A l’issue des débats, la présidente a indiqué que l’arrêt sera prononcé, par sa mise à disposition le 30 Septembre 2025.
Il a été rendu compte des plaidoiries dans le délibéré de la Cour, composée de:
Président : Madame Séverine LEGER, Conseillère
Conseiller : Madame Claire BERAUD, Conseillère
Conseiller : Madame Anne-Charlotte LEGROIS, Vice-présidente placée affectée à la cour d’appel par ordonnance de Madame la Première Présidente
Arrêt : prononcé publiquement par sa mise à disposition des parties le 30 Septembre 2025.
Greffiere lors des débats et de la mise à disposition : Madame Nathalie BEBEAU, Greffière.
* * *
LA COUR
EXPOSE DES FAITS ET DE LA PROCEDURE
La société Profils et plafonds réunionnais (ci-après PPR) était titulaire d’un compte courant professionnel ouvert dans les livres de la SA BRED banque populaire (ci-après la BRED) sous le numéro 00 84 09 12 838.
Par actes en date du 8 février 2018 ses associés et fondateurs MM. [G] [F] et [C] [N] se sont portés cautions solidaires et indivisibles des engagements de la société à hauteur de 180 000 euros chacun.
Par jugement du 24 avril 2019, le tribunal mixte de commerce de Saint-Denis de la Réunion a ouvert une procédure de redressement judiciaire au bénéfice de la société PPR et désigné la SELARL [K] [E] en qualité de mandataire judiciaire de la société.
Par jugement du 18 août 2021, le plan de redressement par continuation qui avait été adopté a été résilié et une procédure de liquidation judiciaire a été ouverte.
Par acte du 12 décembre 2022, la BRED a assigné les deux cautions devant le tribunal mixte de commerce de Saint-Pierre de la Réunion aux fins de les voir solidairement condamner à lui régler la somme de 106 613,23 euros au titre de leurs engagements, avec intérêts à compter du 19 octobre 2021.

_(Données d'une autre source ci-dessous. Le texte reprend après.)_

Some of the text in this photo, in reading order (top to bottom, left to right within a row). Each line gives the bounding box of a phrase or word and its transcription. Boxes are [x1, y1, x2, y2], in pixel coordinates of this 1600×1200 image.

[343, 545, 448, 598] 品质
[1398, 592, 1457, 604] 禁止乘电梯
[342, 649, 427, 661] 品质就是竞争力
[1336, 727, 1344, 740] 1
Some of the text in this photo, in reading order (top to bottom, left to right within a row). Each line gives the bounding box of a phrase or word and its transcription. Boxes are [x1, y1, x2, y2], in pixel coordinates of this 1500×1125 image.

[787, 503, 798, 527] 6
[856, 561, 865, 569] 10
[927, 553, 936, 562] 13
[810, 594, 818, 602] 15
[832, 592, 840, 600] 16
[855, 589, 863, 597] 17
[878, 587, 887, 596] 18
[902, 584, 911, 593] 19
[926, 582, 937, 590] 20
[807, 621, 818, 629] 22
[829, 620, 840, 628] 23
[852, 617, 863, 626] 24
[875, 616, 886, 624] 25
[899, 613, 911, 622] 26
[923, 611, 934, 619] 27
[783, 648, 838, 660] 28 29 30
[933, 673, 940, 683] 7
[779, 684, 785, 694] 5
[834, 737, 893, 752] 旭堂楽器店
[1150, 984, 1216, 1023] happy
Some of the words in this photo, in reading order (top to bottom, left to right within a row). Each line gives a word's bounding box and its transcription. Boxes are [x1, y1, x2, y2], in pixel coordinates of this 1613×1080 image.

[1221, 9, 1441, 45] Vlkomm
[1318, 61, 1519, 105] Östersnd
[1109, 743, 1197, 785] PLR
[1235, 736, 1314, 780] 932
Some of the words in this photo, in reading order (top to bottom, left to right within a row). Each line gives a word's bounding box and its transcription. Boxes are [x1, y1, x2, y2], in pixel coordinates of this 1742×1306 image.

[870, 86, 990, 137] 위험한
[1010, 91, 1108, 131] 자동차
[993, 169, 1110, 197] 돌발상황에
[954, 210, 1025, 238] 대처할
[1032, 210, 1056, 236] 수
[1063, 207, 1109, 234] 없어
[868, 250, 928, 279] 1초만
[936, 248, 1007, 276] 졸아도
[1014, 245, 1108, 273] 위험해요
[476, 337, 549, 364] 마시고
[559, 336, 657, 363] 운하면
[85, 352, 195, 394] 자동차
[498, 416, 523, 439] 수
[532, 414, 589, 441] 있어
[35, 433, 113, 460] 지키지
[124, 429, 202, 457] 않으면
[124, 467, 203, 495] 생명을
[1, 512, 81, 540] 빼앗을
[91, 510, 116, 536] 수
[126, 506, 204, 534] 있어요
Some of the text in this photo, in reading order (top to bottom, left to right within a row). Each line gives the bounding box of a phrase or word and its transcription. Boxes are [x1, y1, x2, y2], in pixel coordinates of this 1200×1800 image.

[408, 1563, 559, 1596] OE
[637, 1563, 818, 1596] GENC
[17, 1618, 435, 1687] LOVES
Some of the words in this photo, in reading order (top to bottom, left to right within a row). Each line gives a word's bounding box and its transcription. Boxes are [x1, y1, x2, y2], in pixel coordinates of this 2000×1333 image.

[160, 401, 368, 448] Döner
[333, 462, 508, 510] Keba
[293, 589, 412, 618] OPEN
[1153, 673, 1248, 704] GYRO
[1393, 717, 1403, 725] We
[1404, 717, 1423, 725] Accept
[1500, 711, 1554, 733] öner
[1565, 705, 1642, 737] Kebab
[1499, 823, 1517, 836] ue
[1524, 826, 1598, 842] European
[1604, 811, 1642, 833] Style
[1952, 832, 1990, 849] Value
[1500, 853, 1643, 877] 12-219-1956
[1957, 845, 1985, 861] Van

Par jugement avant dire droit du 20 novembre 2023, ce tribunal a rouvert les débats et invité la banque à justifier de l’exécution de son obligation d’information annuelle et des incidents de paiement auprès des cautions depuis la souscription de leur engagement et à défaut à produire l’ensemble des relevés de compte courant depuis cet engagement ainsi qu’un décompte actualisé tenant compte de la soustraction des frais, pénalités, intérêts et commissions depuis l’engagement de caution.
Par jugement contradictoire du 22 avril 2024, le tribunal mixte de commerce de Saint-Pierre de la Réunion a :
— condamné solidairement M. [C] [N] et M. [G] [F] à payer à la BRED banque populaire une somme de 106 573,29 euros avec intérêts au taux légal à compter du 2 décembre 2022,
— dit que les intérêts échus depuis plus d’une année seront capitalisés et ouvriront droit à intérêts au taux légal,
— débouté les parties du surplus de leurs demandes,
— condamné in solidum M. [C] [N] et M. [G] [F] aux entiers dépens de la présente instance, y compris les frais de greffe taxés et liquidées à hauteur de 162,12 euros,
— rappelé que cette décision était, de droit, revêtue de l’exécution provisoire en toutes ses dispositions.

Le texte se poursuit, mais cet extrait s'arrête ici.